* _What needs to be done_: Print the entries below word for word; the pictures stay out of your copy.

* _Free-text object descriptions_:
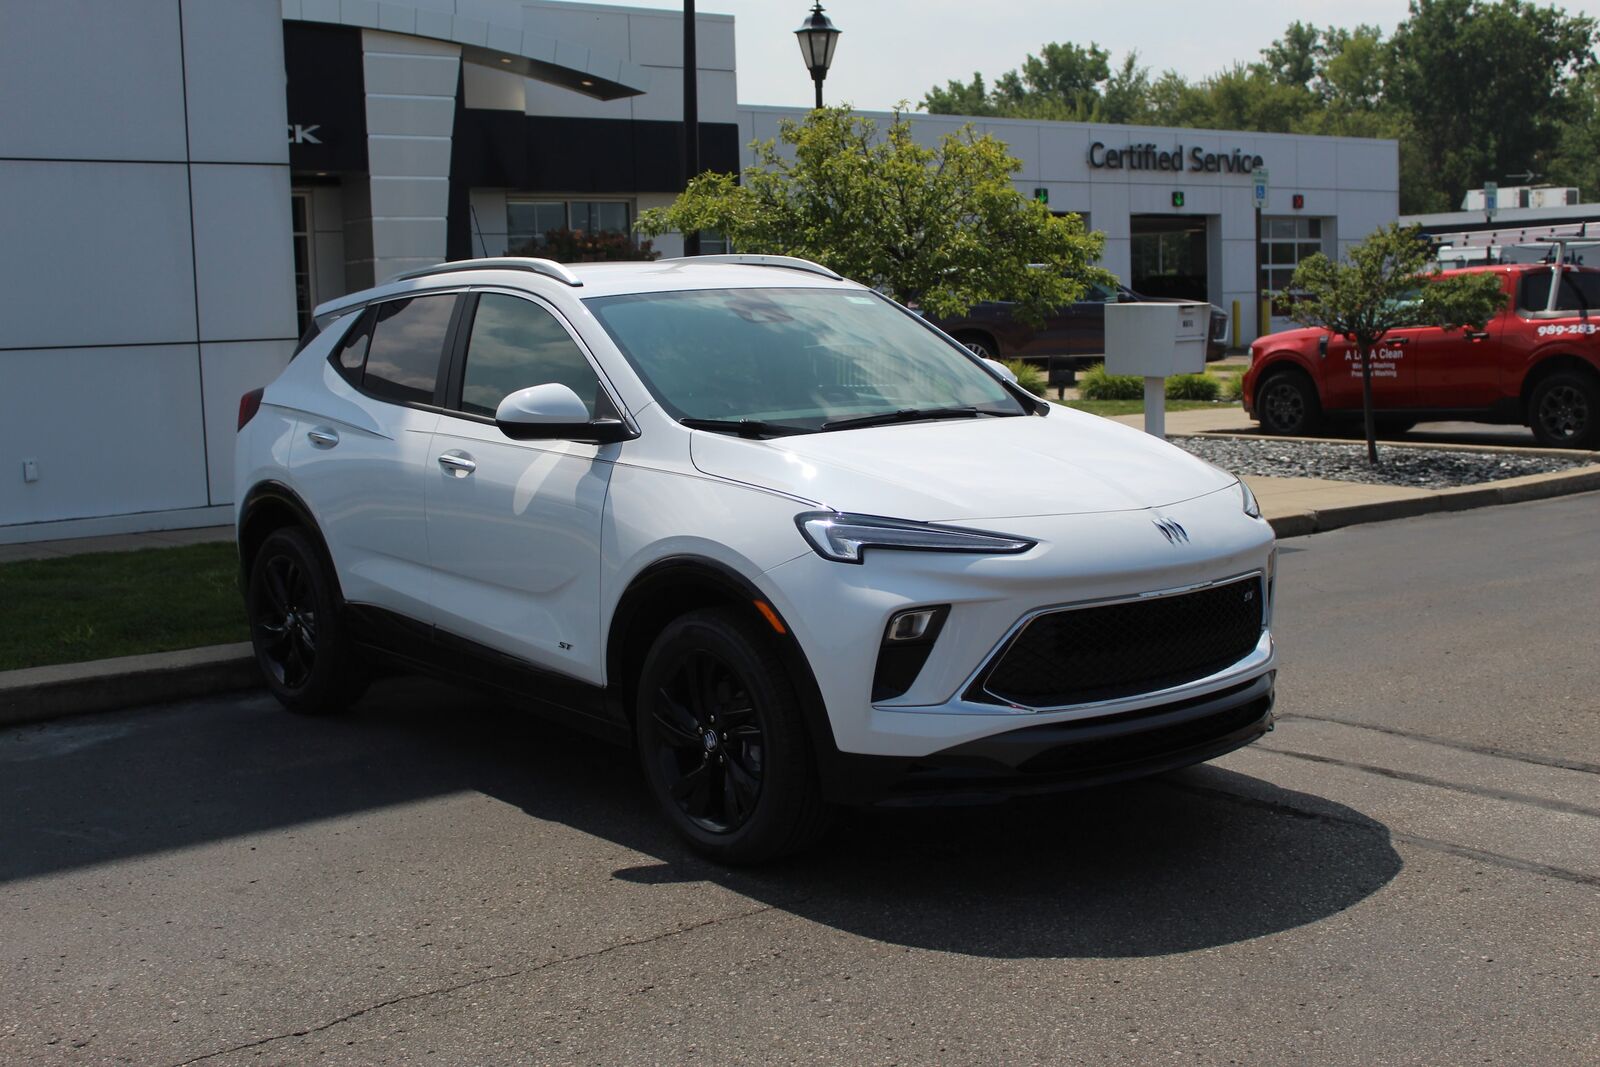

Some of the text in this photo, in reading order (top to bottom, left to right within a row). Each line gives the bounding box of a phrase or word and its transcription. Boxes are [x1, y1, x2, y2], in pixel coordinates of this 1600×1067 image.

[1088, 141, 1264, 174] Certified Service
[1345, 350, 1352, 360] A
[1370, 349, 1377, 359] A
[1379, 348, 1403, 359] Clean
[558, 641, 574, 650] ST
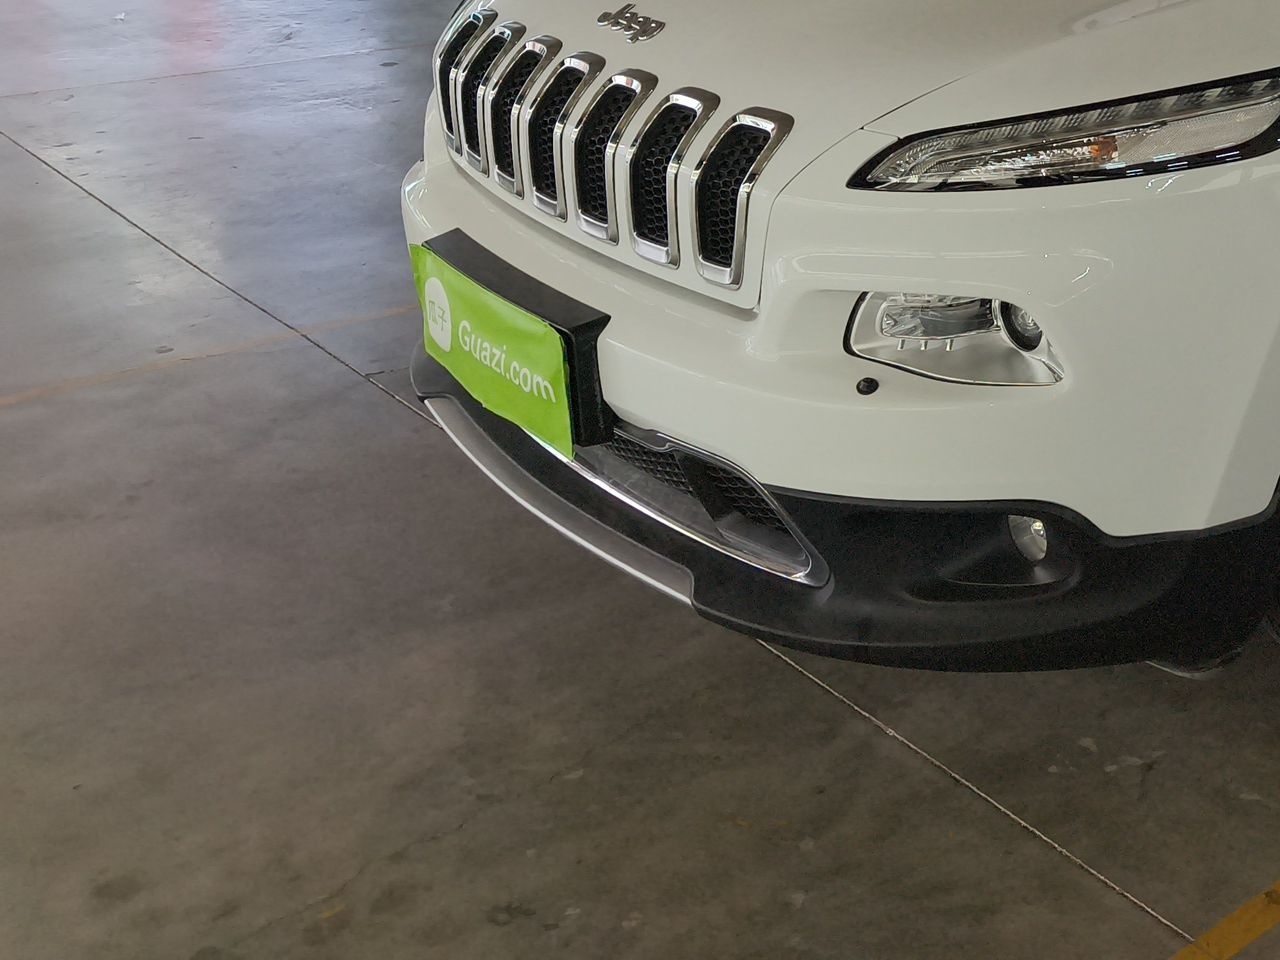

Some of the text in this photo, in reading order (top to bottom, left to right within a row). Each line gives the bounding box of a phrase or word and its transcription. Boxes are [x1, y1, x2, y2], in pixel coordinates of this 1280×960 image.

* _Solved exercise_:
Some of the text in this photo, in reading order (top to bottom, left to right within a row). Each line gives the bounding box of a phrase or word and its transcription. Boxes are [x1, y1, x2, y2], in pixel coordinates of this 1600×1067 image.

[1088, 141, 1264, 174] Certified Service
[1345, 350, 1352, 360] A
[1370, 349, 1377, 359] A
[1379, 348, 1403, 359] Clean
[558, 641, 574, 650] ST

Some of the text in this photo, in reading order (top to bottom, left to right within a row). Each line gives the bounding box of a phrase or word and its transcription. Boxes are [x1, y1, x2, y2], in pixel coordinates of this 1280×960 image.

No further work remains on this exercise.